Back in the late ‘90s, some of us lived through the so-called Y2K panic, when people in the technology industry realized that many computers could malfunction after the date turned from Dec. 31, 1999, to Jan. 1, 2000. In the leadup to the turn of the millennium, many companies rushed to fix their computers, which had been programmed on the basis of two-digit years, so they could handle four-digit years.
The security industry is now facing its own Y2K problem, as advances in quantum computing threaten to break traditional public key encryption methods in minutes, or even seconds. The difference is that with Y2K, the technology industry had a definitive deadline for remediation. With quantum computing, we don’t know when traditional public key encryption will become obsolete.
Not to be alarmist, but I suggest public key encryption may fall before most people expect. Quantum breakthroughs are happening regularly, with IBM rolling out the 433-qubit Osprey in November 2022, which was three times more powerful than its predecessor from a year earlier. We should assume quantum development is happening in other countries without huge public announcements.
Within another couple of quantum computing generations, these machines will be able to crack current encryption models in the time it takes to brew a cup of coffee, instead of the millions of years a standard computer would need.
For a few years now, security researchers, some spurred by the U.S. National Institute of Standards and Technology, have been working on new “quantum-resistant” encryption methods that would supposedly protect data better than current tools. Notice that most people who talk about this issue use the word, “resistant,” because we don’t really know how robust the new encryption methods will actually be when they’re up against powerful quantum computers.

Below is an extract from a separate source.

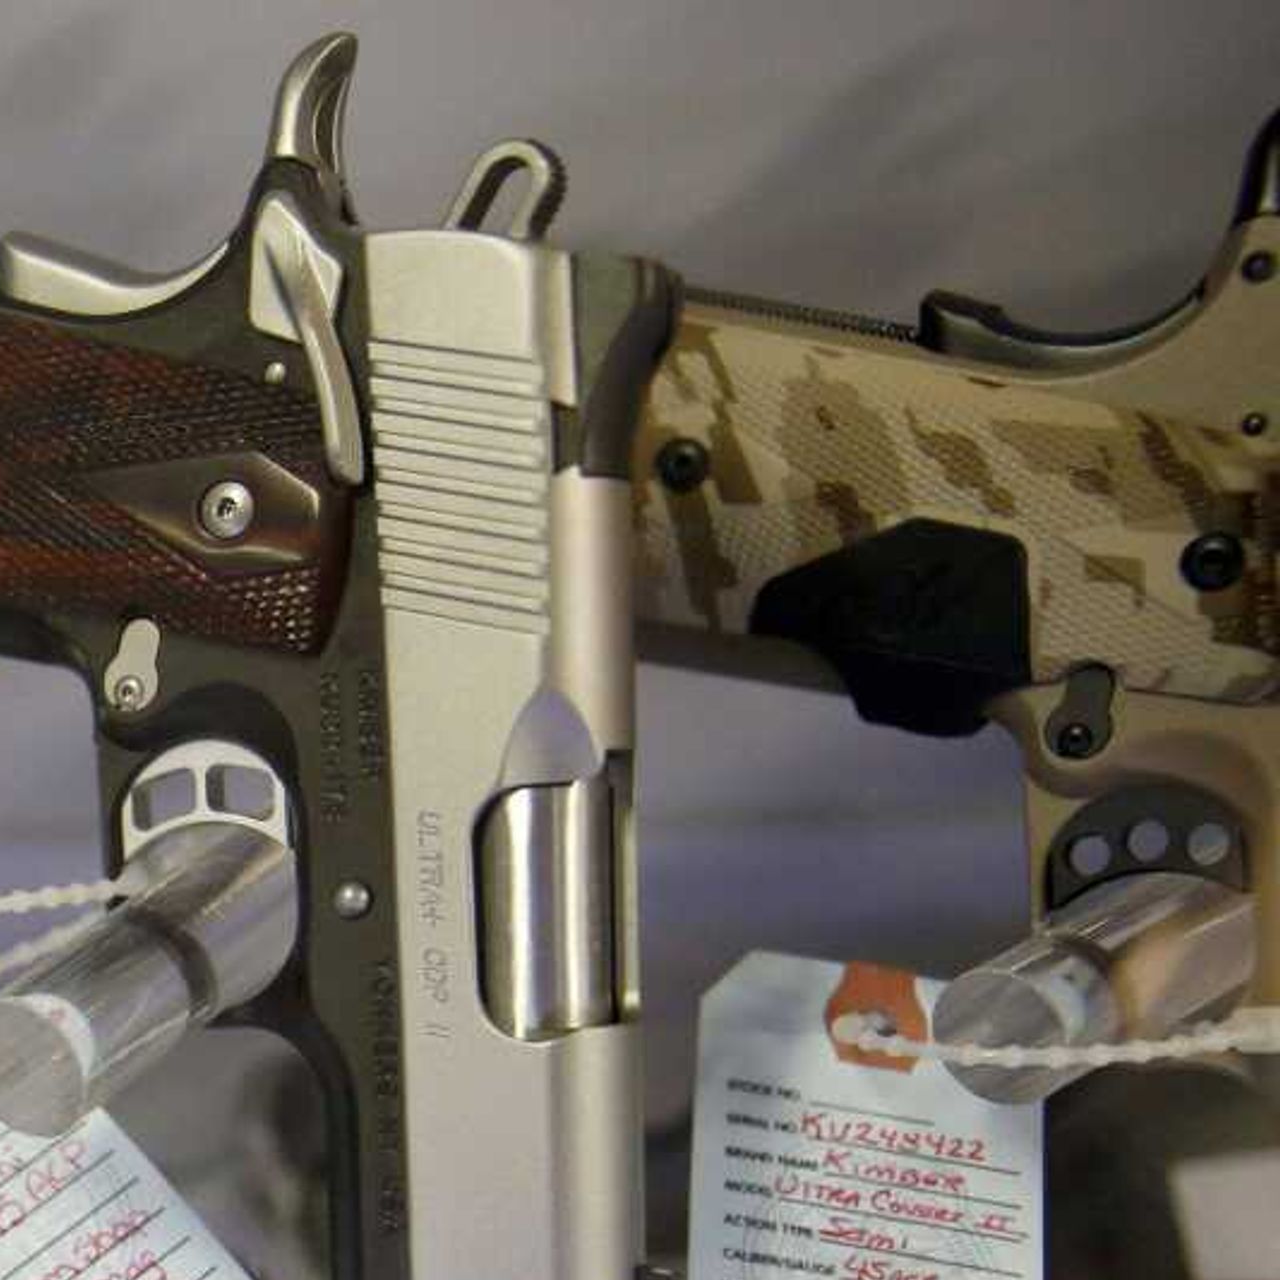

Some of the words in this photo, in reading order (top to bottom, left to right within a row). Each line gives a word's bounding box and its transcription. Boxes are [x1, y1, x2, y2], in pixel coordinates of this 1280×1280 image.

[19, 1134, 96, 1203] ACP
[723, 1213, 777, 1233] ACTION
[781, 1220, 814, 1239] TYPE

Then, in National Security Memorandum 10, issued in May 2022, the Biden administration called on the government to adopt quantum-resistant encryption by 2035 and for agencies to move their high-value assets to the new encryption systems by then.
With the U.S. government aiming for 2035, other organizations may see that as a target date to adopt quantum-resistant encryption, but I believe the time to act is much sooner. If the U.S. government is signaling a 2035 deadline, my expectation is that defense and intelligence agencies will need a significant period of time to test quantum computing against their own use cases.
So my prediction is that the real deadline is closer to 2025 than 2035. And we’re not considering the advances that foreign governments are likely making in quantum computing. Defense and intelligence agencies from other countries are all vying for this quantum advantage as well.
I’m not the only one who believes the end of traditional encryption may be coming sooner rather than later. In recent months, I’ve observed leading organizations in critical infrastructure and related industries starting to hire cryptography experts, signaling a real and urgent concern about quantum computing.
Public key encryption has been the foundation of integrity for both digital data and internet communications for decades, even before the commercial internet became a thing, and it’s likely to become unreliable very soon. Much like generative AI, quantum computing represents another technological advancement with huge promise and also significant potential to dismantle systems and institutions we trust and take for granted. The next generation of encryption needs to be something very different.
All of us in the security industry should prepare for quantum computing. As security leaders, we need to consider the scope of the problem for our organizations and ask ourselves some questions: do we have the means to identify our organizations’ most critical assets, do we have a plan in place to do so, and if not, when will we have a plan?
Rolling out quantum-resistant computing needs to be on every security leader’s agenda. It’s a topic that’s been easy to kick down the road, but 2025 is only about 18 months away. We need to start preparing our organizations to defend themselves against those who are pushing the boundaries of quantum computing.